2. The choroidal neovascularization segmentation system in an optical coherence tomography image of claim 1, wherein said mixing unit comprises a connected residual convolution network and a transducer network.

3. The choroidal neovascularization segmentation system of claim 1, wherein one of said dual path fusion units has a path attention encoding module for enhancing the interdependence of the path attention map extracted by said mixing unit, and the other path has a position attention encoding module for enhancing the spatial information of the features extracted by said transducer block.

4. The choroidal neovascularization segmentation system in an optical coherence tomography image of claim 1, wherein said bi-directional attention gating unit comprises two bi-directional attention gating modules for enhancing features output by said dual path fusion unit and said upsampling features, respectively, and a summing module for matrix summing features output by said two bi-directional attention gating modules.

5. The system of claim 4, wherein the bi-directional attention gating module is provided with a first pooling layer, a dot-product layer, and a second pooling layer, the first pooling layer and the second pooling layer each being provided with a maximum pooling branch and an average pooling branch, the first pooling layer being configured to pool and fully connect features input to the bi-directional attention gating module, the dot-product layer being configured to dot-product features output from the first pooling layer with features input to the bi-directional attention gating module, and the second pooling layer being configured to pool features output from the dot-product layer.

6. The choroidal neovascularization segmentation system in an optical coherence tomography image of claim 1, wherein training the segmentation network employs a loss function comprising: lesion classification loss, boundary classification loss, and Dice loss.

7. A method of dividing a choroidal neovascularization in an optical coherence tomography image, characterized by pre-training a dividing network in the choroidal neovascularization dividing system in the optical coherence tomography image as defined in any one of claims 1 to 6;

inputting the optical coherence tomography image into a trained segmentation network;

acquiring the characteristics of the output of the trained segmentation network;

based on the features, a segmentation result is obtained and output.

8. The method of choroidal neovascularization segmentation in an optical coherence tomography image of claim 7, wherein the loss function of the training segmentation network is:

wherein the method comprises the steps ofClassification of loss for lesions->For boundary classification loss, L _Dice For the Dice loss, GT _i Andrepresenting the ith pixel as the true mark of the focus and the focus boundary, PO _i And PB _i The predicted values of the ith pixel belonging to the focus and the focus boundary are respectively shown, and alpha, beta and gamma are respectively the weights of focus classification loss, boundary classification loss and price loss.

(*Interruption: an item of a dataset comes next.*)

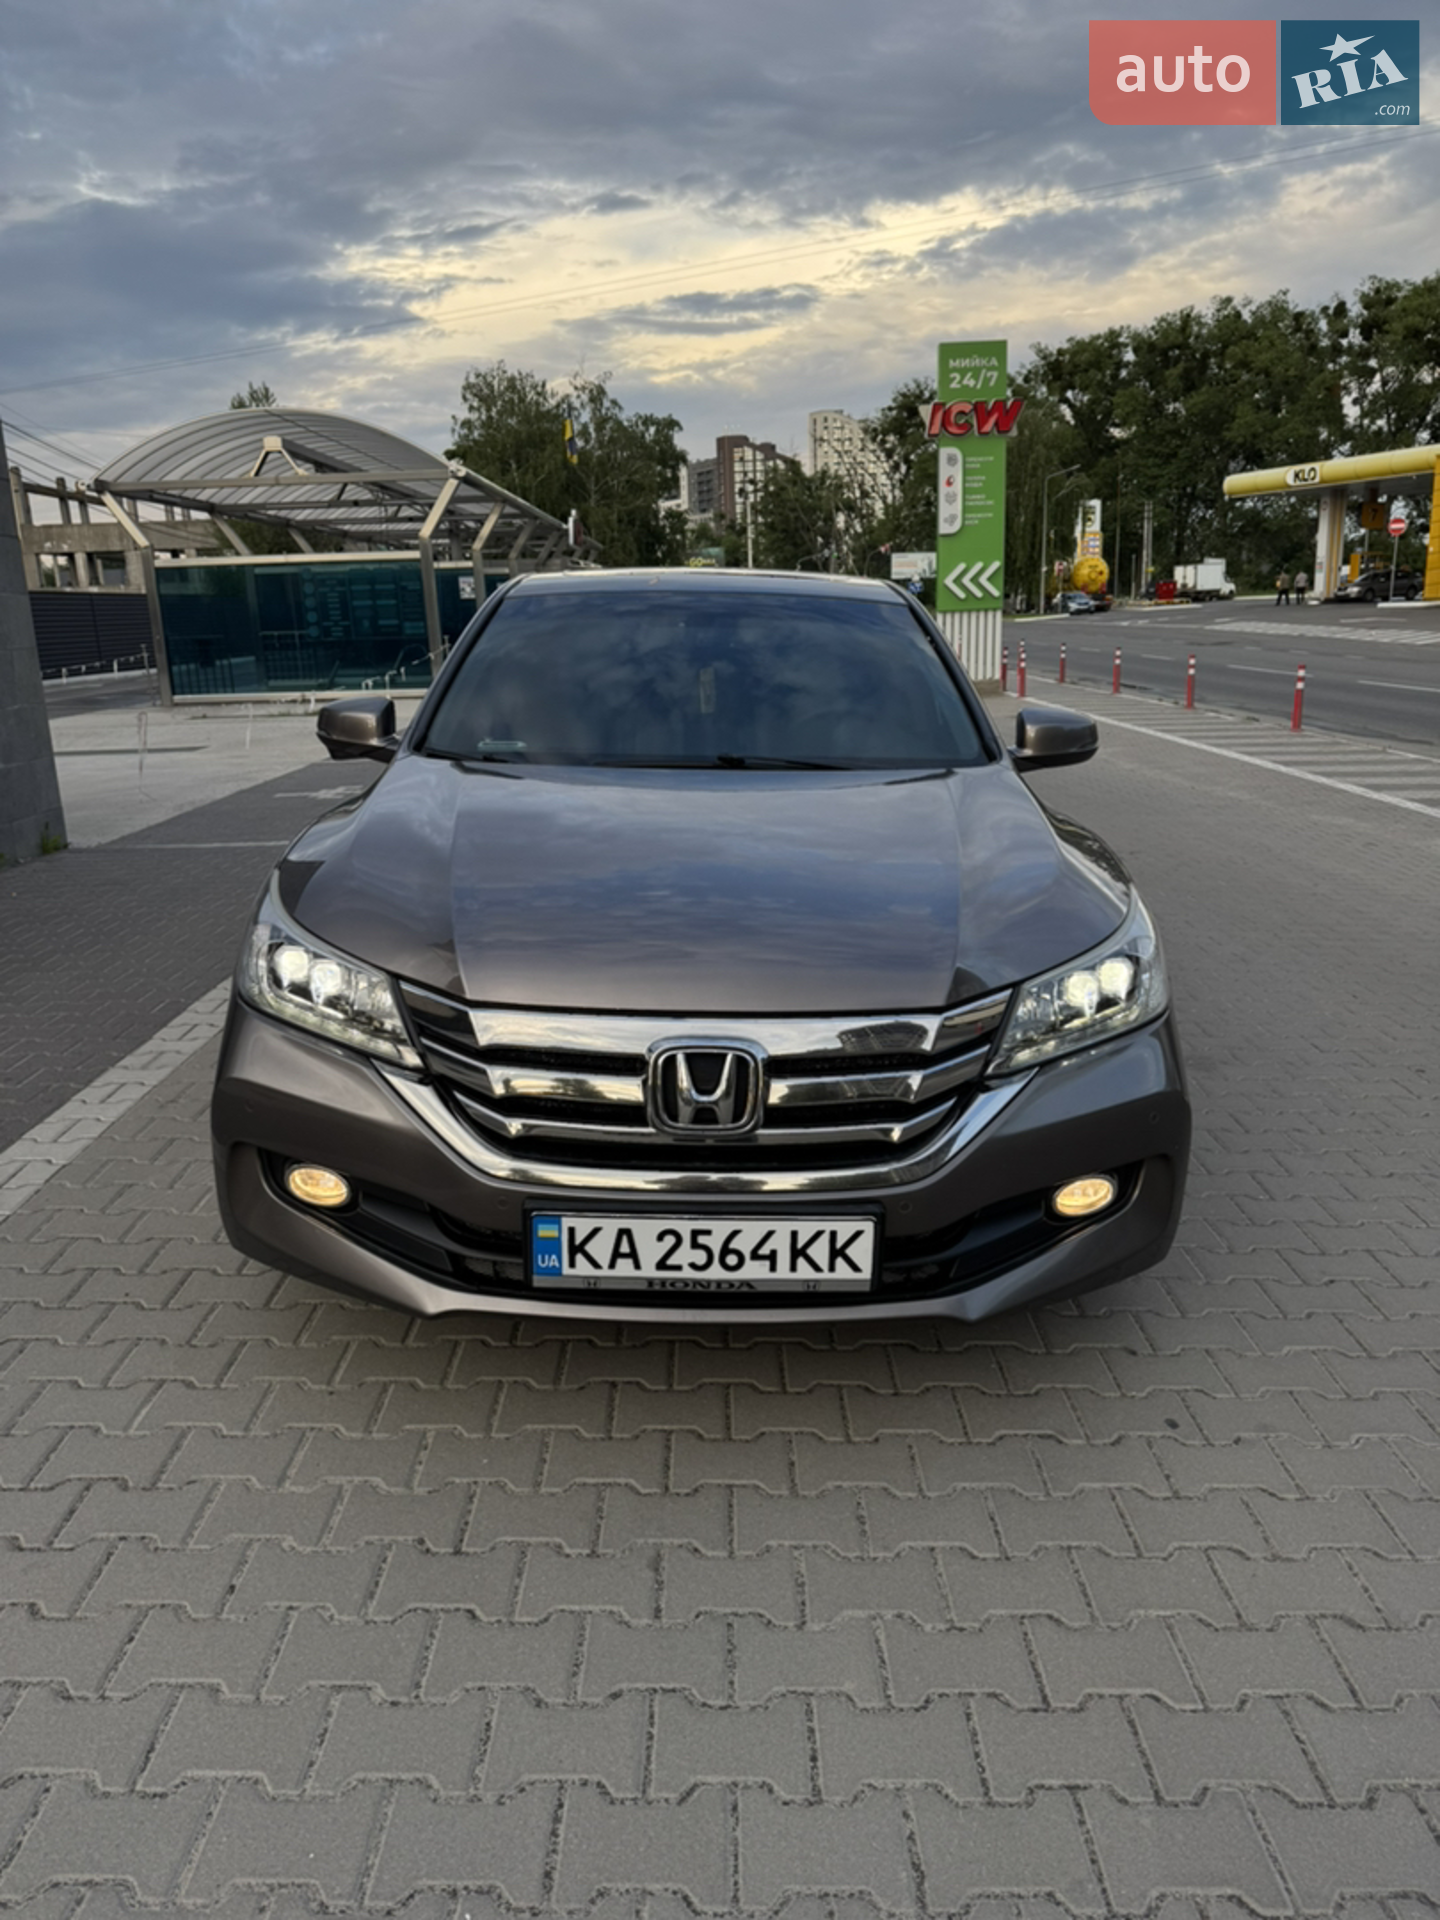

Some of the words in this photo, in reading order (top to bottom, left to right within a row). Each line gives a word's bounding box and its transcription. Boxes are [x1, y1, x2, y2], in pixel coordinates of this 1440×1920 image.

9. A smart terminal comprising a memory, a processor, and a choroidal neovascularization segmentation program in an optical coherence tomography image stored on the memory and executable on the processor, the choroidal neovascularization segmentation program in the optical coherence tomography image, when executed by the processor, implementing the steps of the choroidal neovascularization segmentation method in an optical coherence tomography image as recited in claim 7.

10. A computer readable storage medium, characterized in that the computer readable storage medium has stored thereon a choroidal neovascularization segmentation procedure in an optical coherence tomography image, which when executed by a processor, implements the steps of the method of choroidal neovascularization segmentation in an optical coherence tomography image according to claim 7.